BEGIN Information
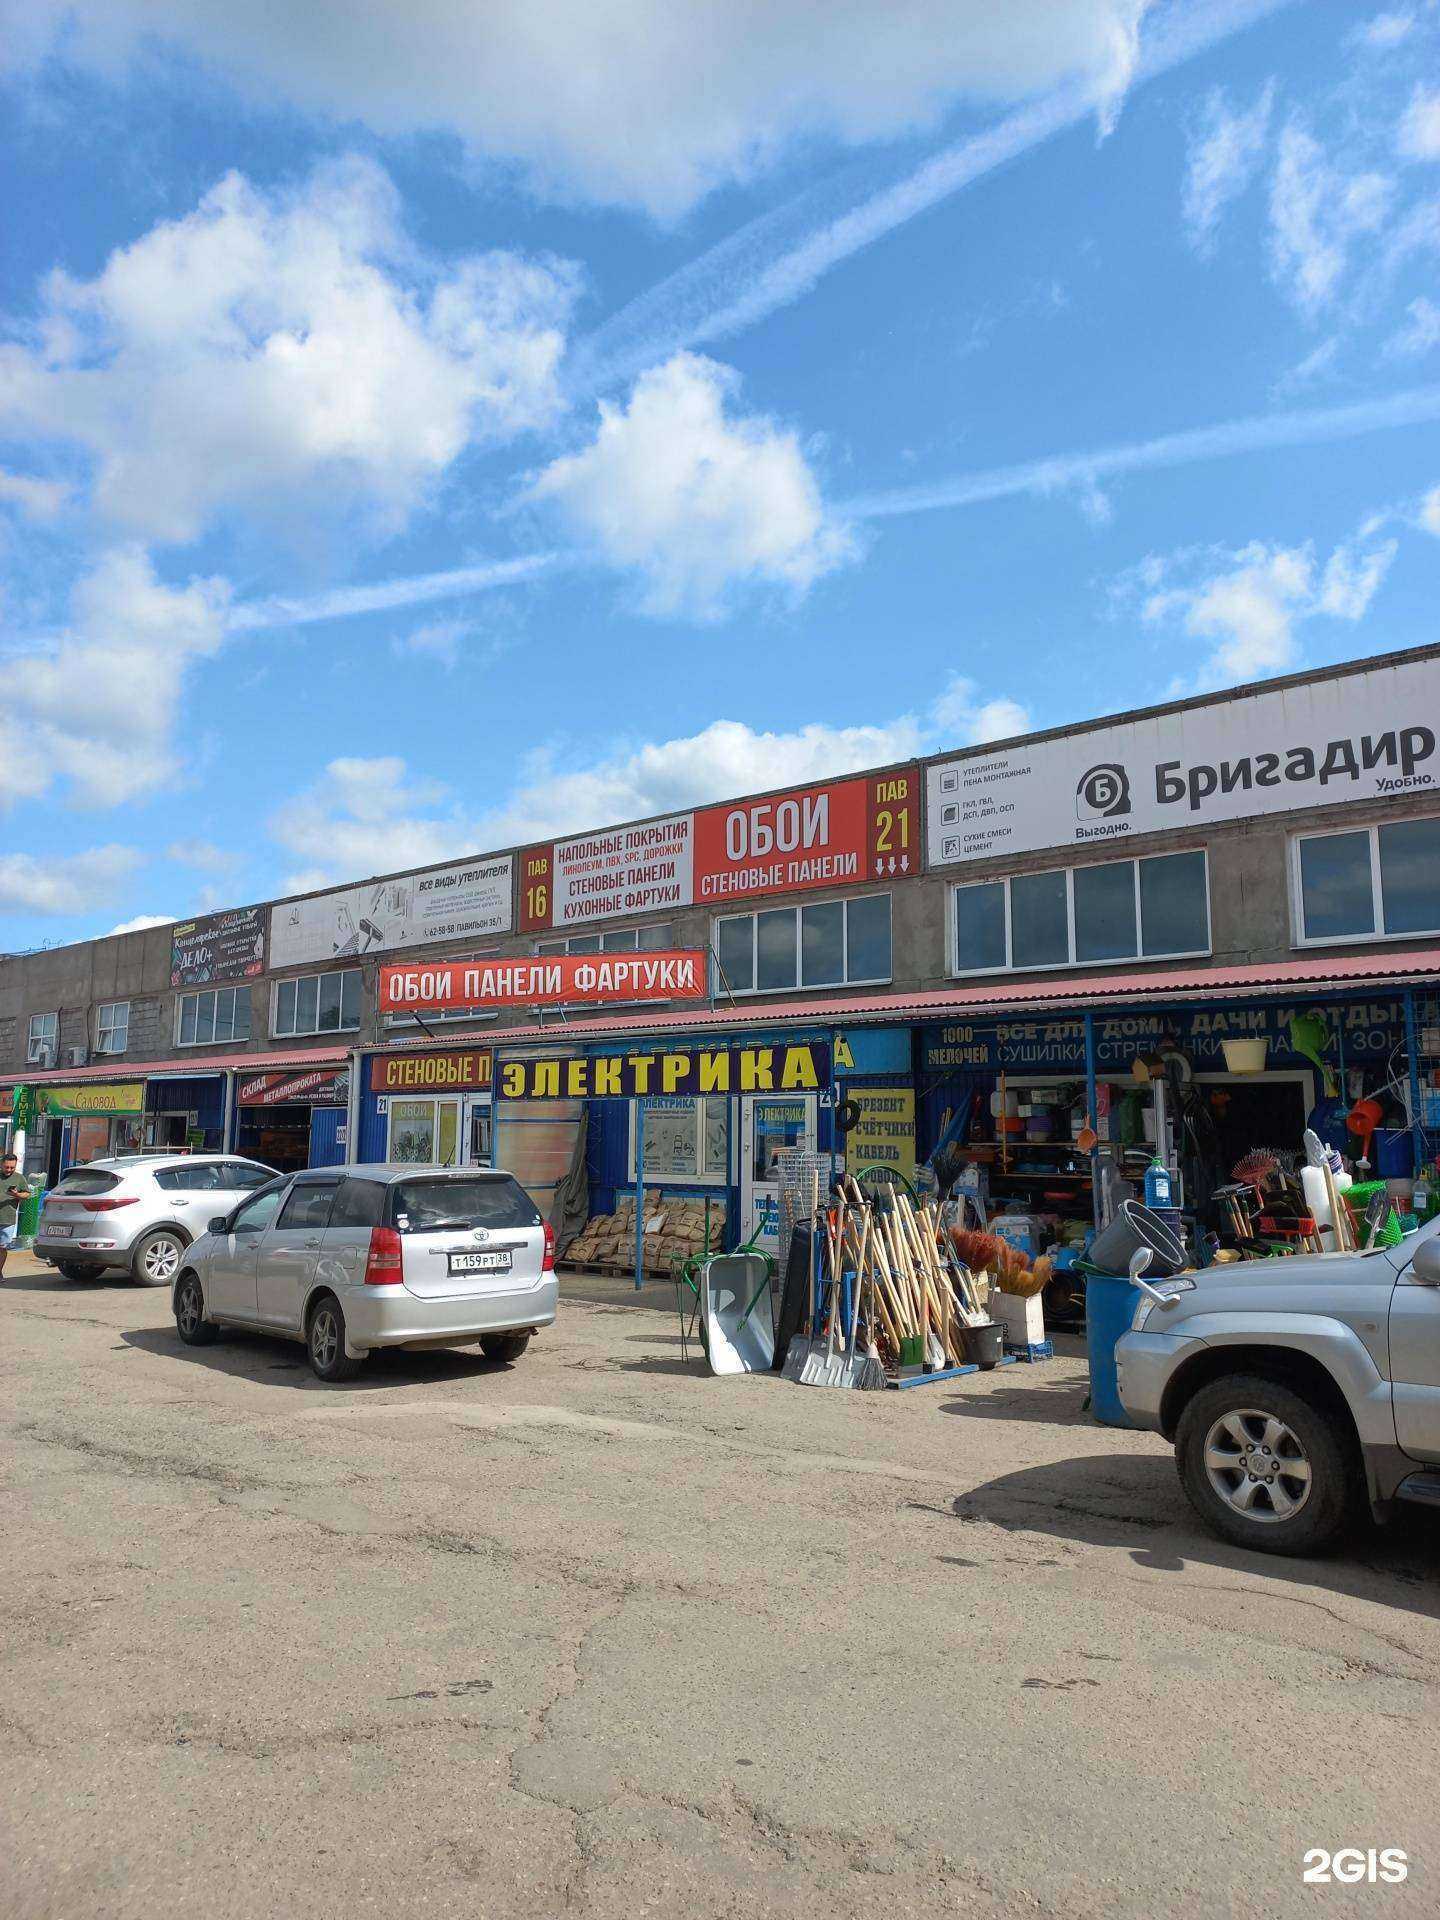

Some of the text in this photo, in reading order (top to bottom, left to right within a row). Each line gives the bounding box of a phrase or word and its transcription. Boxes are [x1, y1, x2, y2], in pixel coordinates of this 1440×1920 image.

[963, 761, 1009, 776] УТЕПЛИТЕЛИ
[963, 767, 1031, 788] ПЕНА МОНТАЖНАЯ
[1155, 725, 1436, 811] Бригадир
[876, 780, 908, 804] ПАВ
[1376, 774, 1436, 793] Удобно.
[999, 803, 1015, 813] ОСП
[726, 793, 830, 862] ОБОИ
[876, 807, 909, 852] 21
[963, 828, 1012, 842] СУХИЕ СМЕСИ
[1075, 821, 1132, 840] Выгодно.
[558, 820, 688, 864] НАПОЛЬНЫЕ ПОКРЫТИЯ
[963, 842, 993, 853] ЦЕМЕНТ
[528, 859, 548, 877] ПАВ
[562, 859, 605, 876] ЛИНОЛЕУМ,
[643, 844, 684, 861] ДОРОЖКИ
[569, 862, 675, 897] СТЕНОВЫЕ ПАНЕЛИ
[701, 852, 858, 896] СТЕНОВЫЕ ПАНЕЛИ
[526, 885, 547, 919] 16
[563, 884, 681, 920] КУХОННЫЕ ФАРТУКИ
[456, 919, 488, 932] ПАВИЛЬОН
[389, 959, 694, 1001] ОБОИ ПАНЕЛИ ФАРТУКИ
[942, 1026, 973, 1043] 1000
[996, 1022, 1037, 1042] ВСЕ
[1044, 1020, 1086, 1042] ДЛ
[1191, 1010, 1267, 1035] ДАЧИ
[928, 1043, 989, 1065] МЕЛОЧЕЙ
[997, 1040, 1086, 1063] СУШИЛКИ
[1097, 1036, 1222, 1060] СТРЕНКИ
[386, 1056, 474, 1086] СТЕНОВЫЕ
[503, 1046, 819, 1097] ЭЛЕКТРИКА
[242, 1075, 267, 1099] СКЛАД
[643, 1097, 696, 1109] ЛЕКТРИКА
[855, 1144, 900, 1161] КАБЕЛЬ
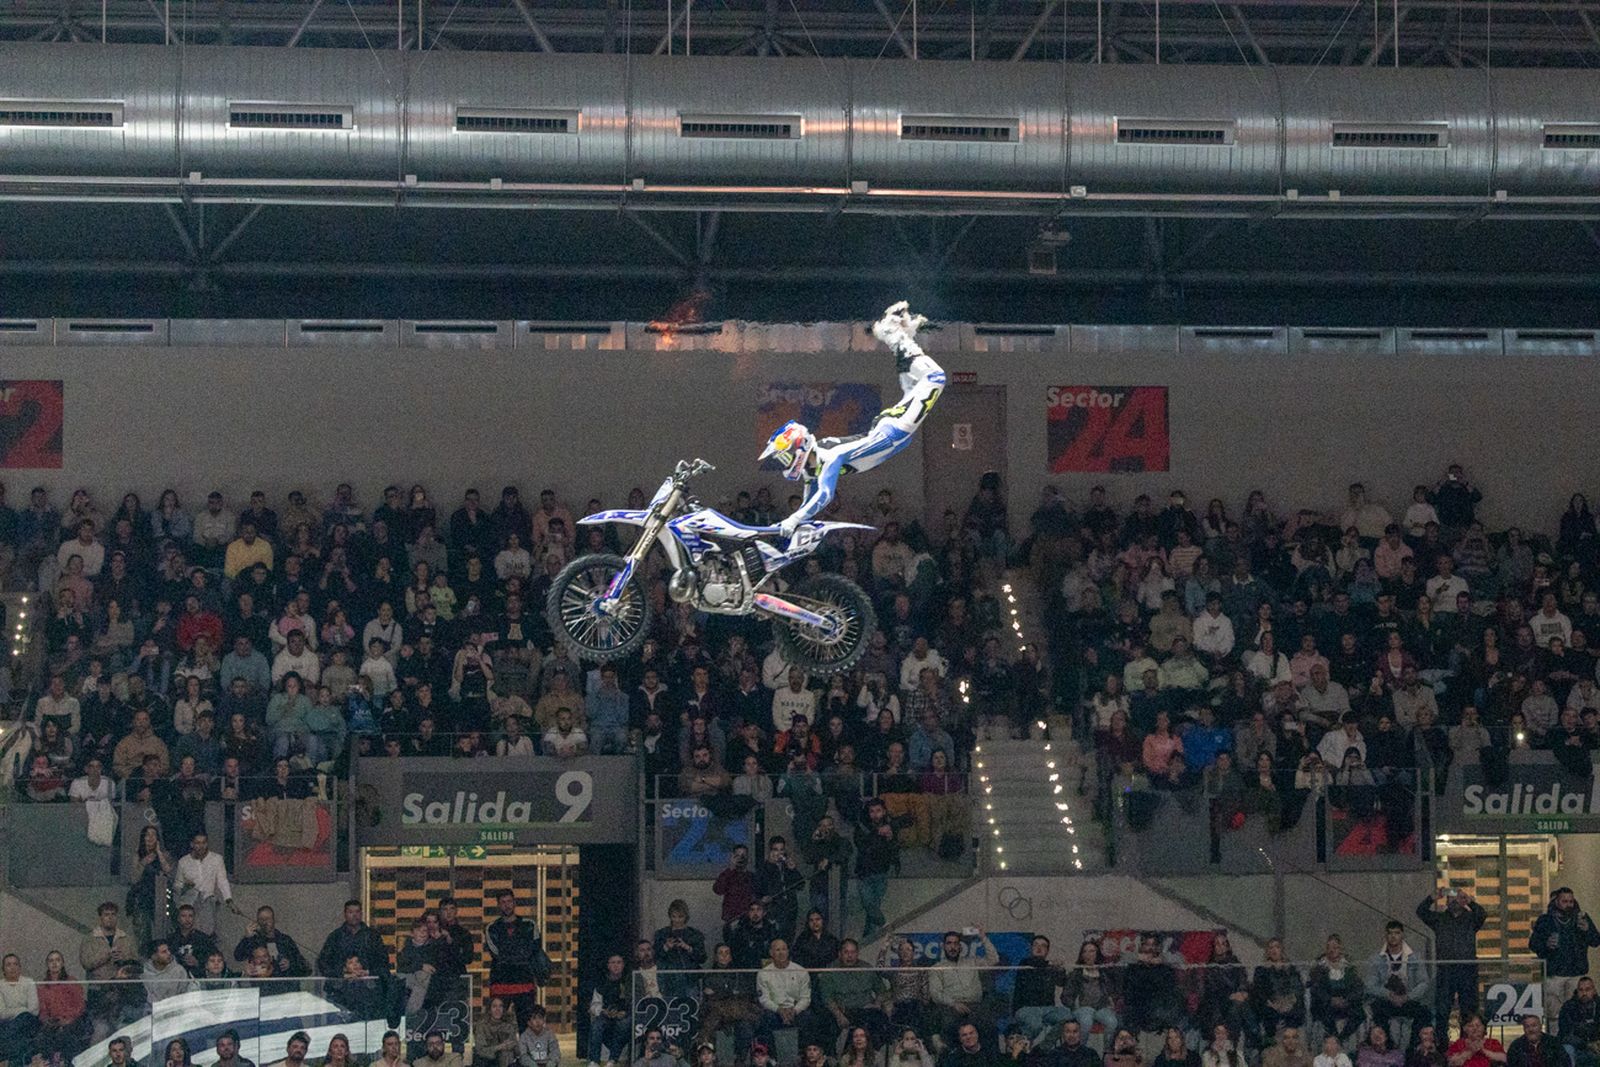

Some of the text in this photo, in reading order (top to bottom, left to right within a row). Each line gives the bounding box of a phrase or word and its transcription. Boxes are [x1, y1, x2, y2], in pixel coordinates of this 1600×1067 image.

[1047, 387, 1124, 408] Sector
[1047, 386, 1168, 473] 24
[402, 770, 593, 824] Salida 9
[1463, 783, 1585, 815] Salida
[1537, 820, 1569, 831] SALIDA
[480, 830, 515, 841] SALIDA
[1486, 983, 1544, 1025] 24
[1492, 1012, 1523, 1024] ecto
[405, 1028, 453, 1042] Secr
[635, 1023, 682, 1038] Stor
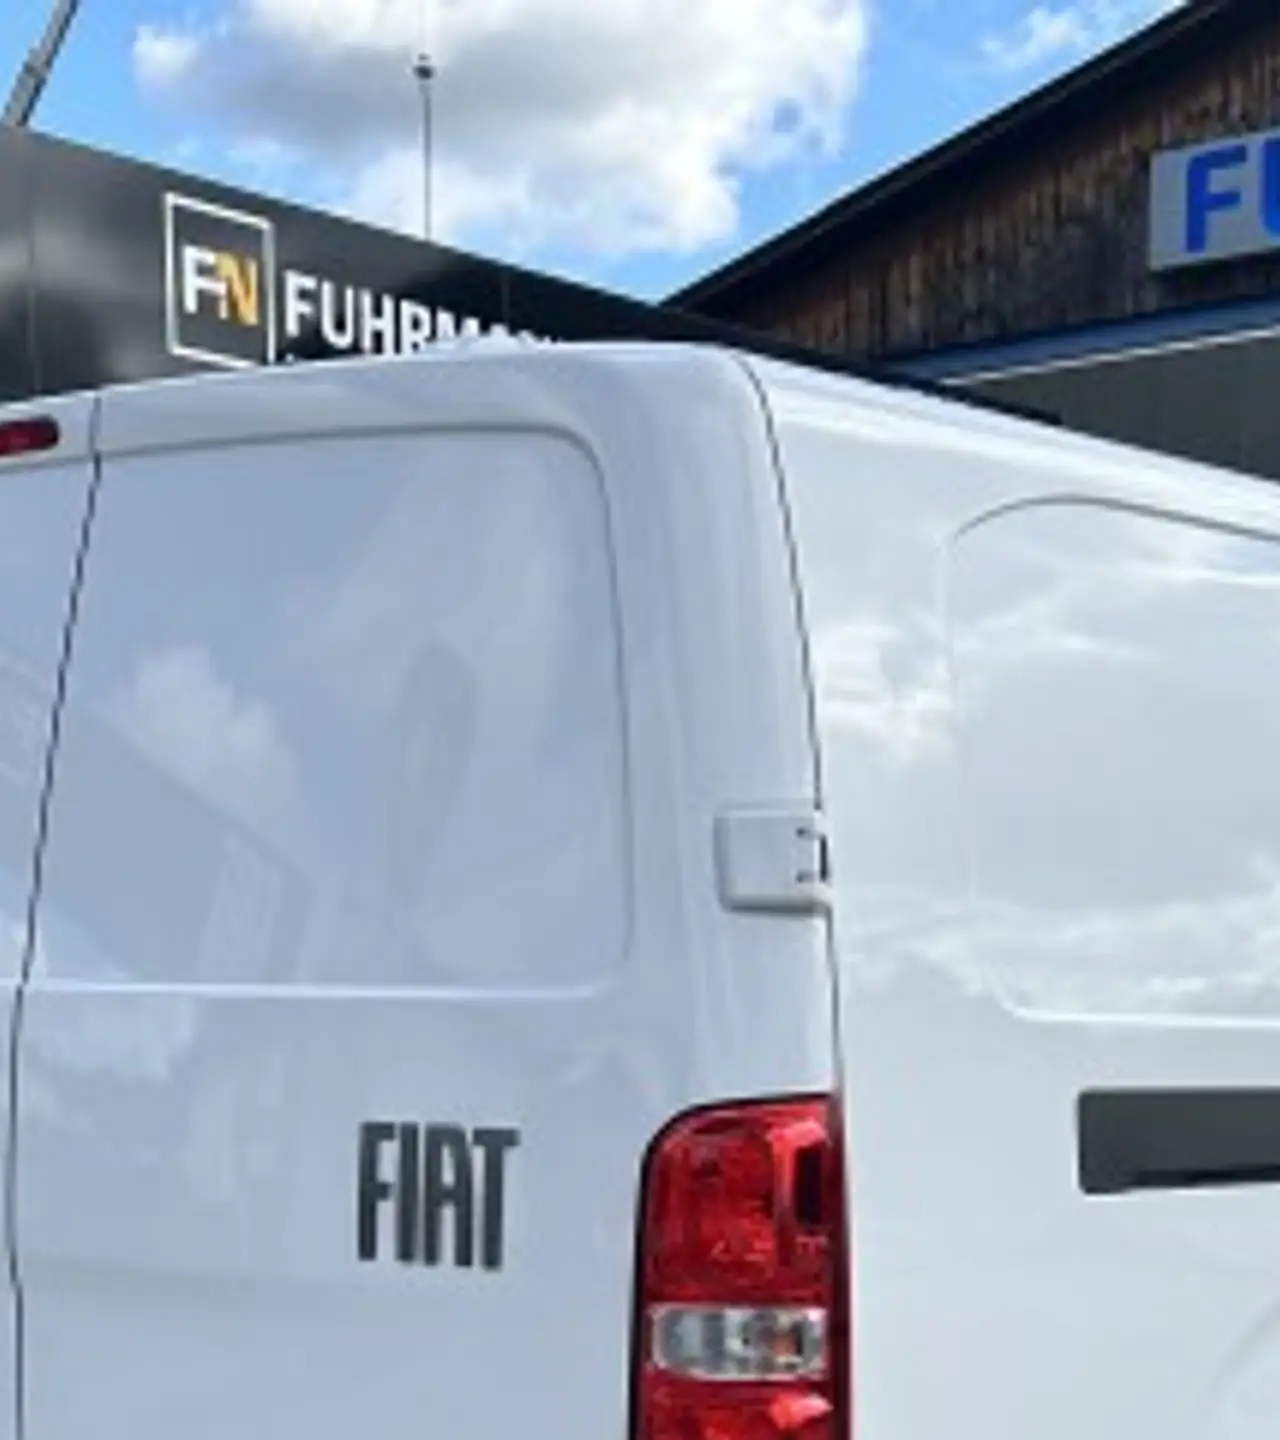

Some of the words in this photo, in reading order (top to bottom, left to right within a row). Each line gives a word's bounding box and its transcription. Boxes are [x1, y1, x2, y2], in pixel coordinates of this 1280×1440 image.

[182, 244, 259, 327] FN
[283, 268, 558, 357] FUHRM
[357, 1121, 521, 1272] FIAT
END Information
What the task requires: Set down each entry above word for word, without its pictures.

Answer for the task:
Some of the text in this photo, in reading order (top to bottom, left to right within a row). Each line gives the bounding box of a phrase or word and its transcription. Boxes are [x1, y1, x2, y2], in pixel coordinates of this 1440×1920 image.

[963, 761, 1009, 776] УТЕПЛИТЕЛИ
[963, 767, 1031, 788] ПЕНА МОНТАЖНАЯ
[1155, 725, 1436, 811] Бригадир
[876, 780, 908, 804] ПАВ
[1376, 774, 1436, 793] Удобно.
[999, 803, 1015, 813] ОСП
[726, 793, 830, 862] ОБОИ
[876, 807, 909, 852] 21
[963, 828, 1012, 842] СУХИЕ СМЕСИ
[1075, 821, 1132, 840] Выгодно.
[558, 820, 688, 864] НАПОЛЬНЫЕ ПОКРЫТИЯ
[963, 842, 993, 853] ЦЕМЕНТ
[528, 859, 548, 877] ПАВ
[562, 859, 605, 876] ЛИНОЛЕУМ,
[643, 844, 684, 861] ДОРОЖКИ
[569, 862, 675, 897] СТЕНОВЫЕ ПАНЕЛИ
[701, 852, 858, 896] СТЕНОВЫЕ ПАНЕЛИ
[526, 885, 547, 919] 16
[563, 884, 681, 920] КУХОННЫЕ ФАРТУКИ
[456, 919, 488, 932] ПАВИЛЬОН
[389, 959, 694, 1001] ОБОИ ПАНЕЛИ ФАРТУКИ
[942, 1026, 973, 1043] 1000
[996, 1022, 1037, 1042] ВСЕ
[1044, 1020, 1086, 1042] ДЛ
[1191, 1010, 1267, 1035] ДАЧИ
[928, 1043, 989, 1065] МЕЛОЧЕЙ
[997, 1040, 1086, 1063] СУШИЛКИ
[1097, 1036, 1222, 1060] СТРЕНКИ
[386, 1056, 474, 1086] СТЕНОВЫЕ
[503, 1046, 819, 1097] ЭЛЕКТРИКА
[242, 1075, 267, 1099] СКЛАД
[643, 1097, 696, 1109] ЛЕКТРИКА
[855, 1144, 900, 1161] КАБЕЛЬ

Some of the text in this photo, in reading order (top to bottom, left to right within a row). Each line gives the bounding box of a phrase or word and its transcription. Boxes are [x1, y1, x2, y2], in pixel coordinates of this 1600×1067 image.

[1047, 387, 1124, 408] Sector
[1047, 386, 1168, 473] 24
[402, 770, 593, 824] Salida 9
[1463, 783, 1585, 815] Salida
[1537, 820, 1569, 831] SALIDA
[480, 830, 515, 841] SALIDA
[1486, 983, 1544, 1025] 24
[1492, 1012, 1523, 1024] ecto
[405, 1028, 453, 1042] Secr
[635, 1023, 682, 1038] Stor

Some of the words in this photo, in reading order (top to bottom, left to right within a row). Each line gives a word's bounding box and its transcription. Boxes are [x1, y1, x2, y2], in pixel coordinates of this 1280×1440 image.

[182, 244, 259, 327] FN
[283, 268, 558, 357] FUHRM
[357, 1121, 521, 1272] FIAT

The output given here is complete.